“Don’t you know I’m still standing better than I ever did. Looking like a true survivor, feeling like a little kid” – Elton John
It has been three years since my wife’s cancer surgery. We haven’t even talked about it being an anniversary of that day. I know she has been begging her oncologist to be removed from some of the test medications she has been taking. Maybe 3 years has been enough. Well today is a milestone. Probably a milestone my wife would rather forget than celebrate, yet one to set as a marker along the side of the road of life. I for one still remember that day like it was yesterday. Reading that blog entry again seems so surreal.
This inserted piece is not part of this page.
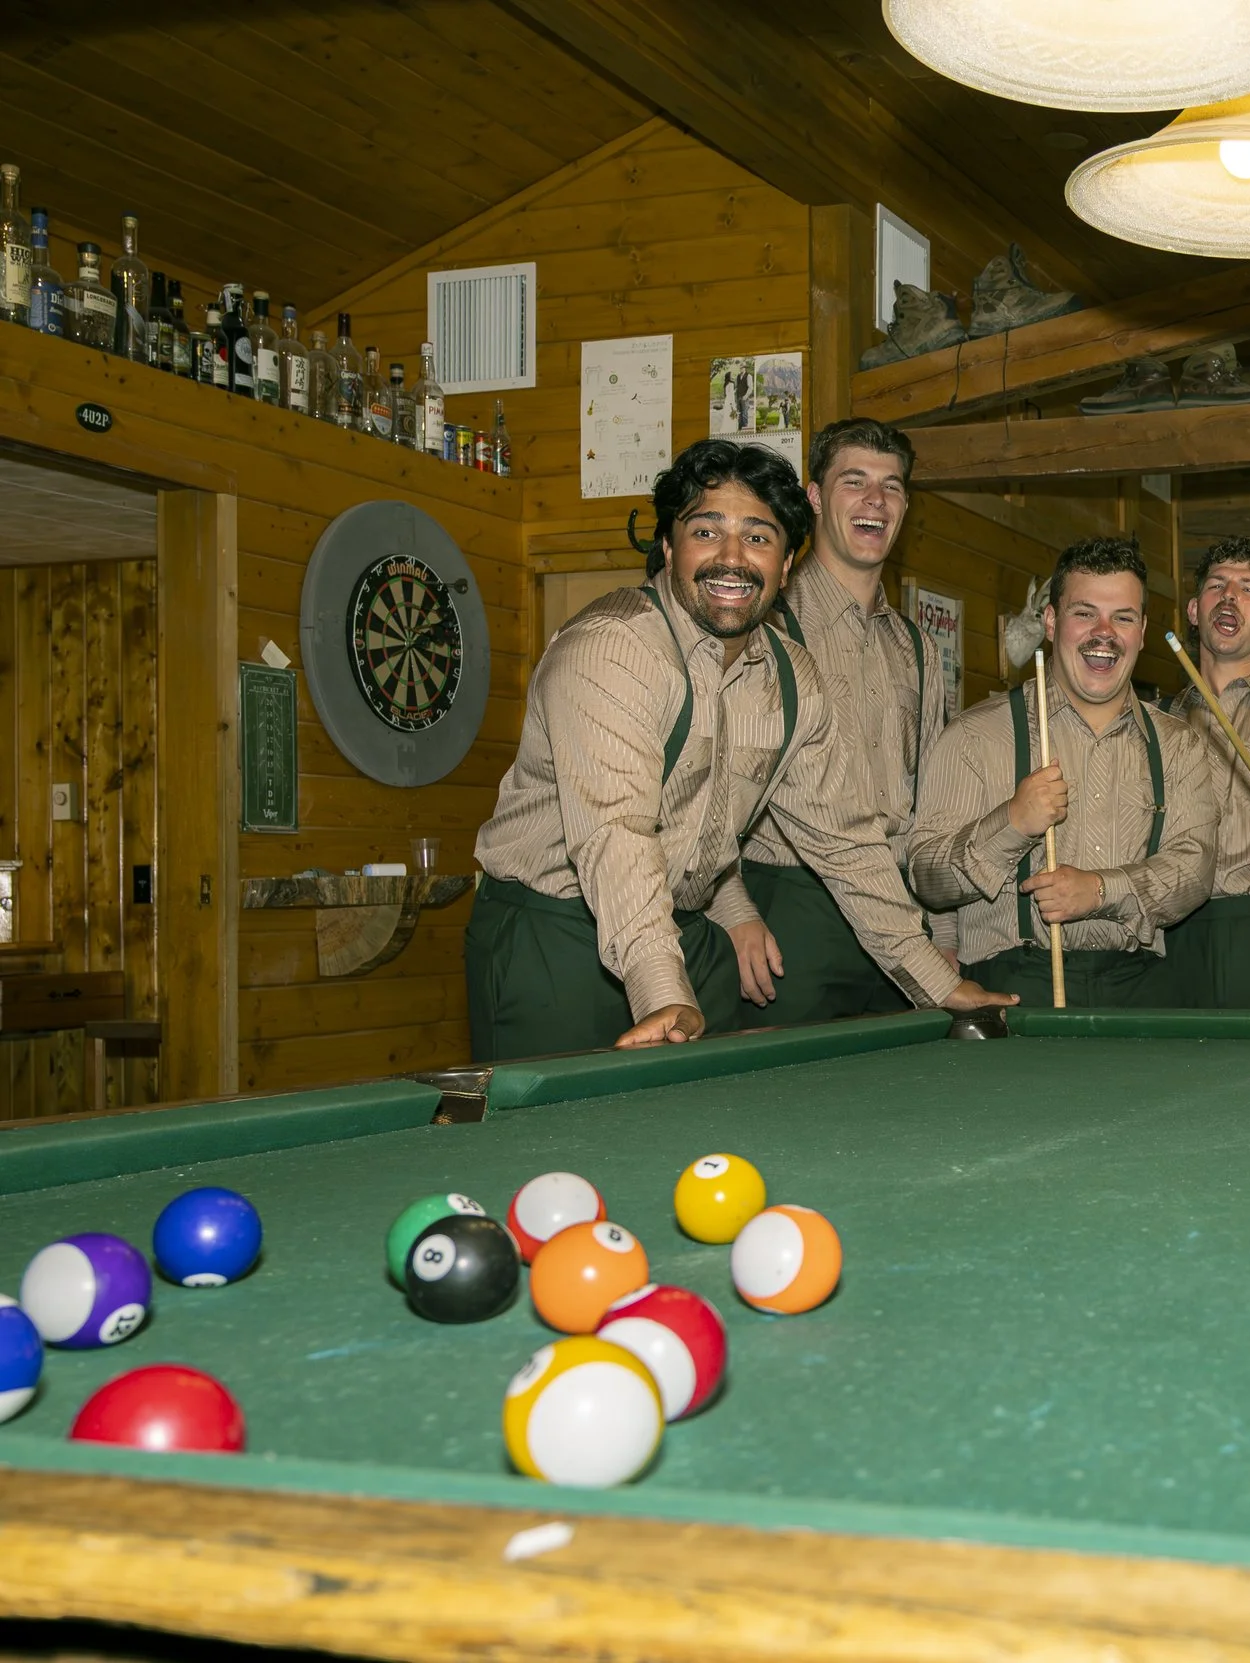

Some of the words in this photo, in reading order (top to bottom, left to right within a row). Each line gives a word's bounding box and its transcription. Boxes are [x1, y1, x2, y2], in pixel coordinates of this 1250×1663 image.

3 years. Since then it has been:
- 3 more surgeries.
- Taking 4 huge pills daily. Although she can tell you, I don’t know if I can tell you what they are for. One is to fight the reoccurrence of cancer, another is for the side effects and another is to balance out the side effects is all I know.
- Additionally there is that monthly shot that leaves her belly black and blue for a week
- Then there is the 3 times a week physical therapy. That knife thing scares me. It is supposed to smooth out the skin and prevent the build up of scar tissue, but it is just ridiculous,
- There is the monthly counseling with the oncologist and staff, and
- There is the monthly meeting to go over the test results of her medications.
Despite being a daily voluntary lab rat the last several years to help studies for future victims of cancer, my wife has really embraced life more than ever and it has changed her. Her strength and her courage are beyond what I ever imagined she had in her. Those changes in her life mentioned above might be considered inconveniences to many of us, but she takes it all in stride to the point where she forgets to tell me that she had an appointment until the day is over and to say that the oncologist told her to say hi to me.
They say that you aren’t truly in remission until you pass the five year mark, but my wife is already a Survivor. More than that, she is a Winner.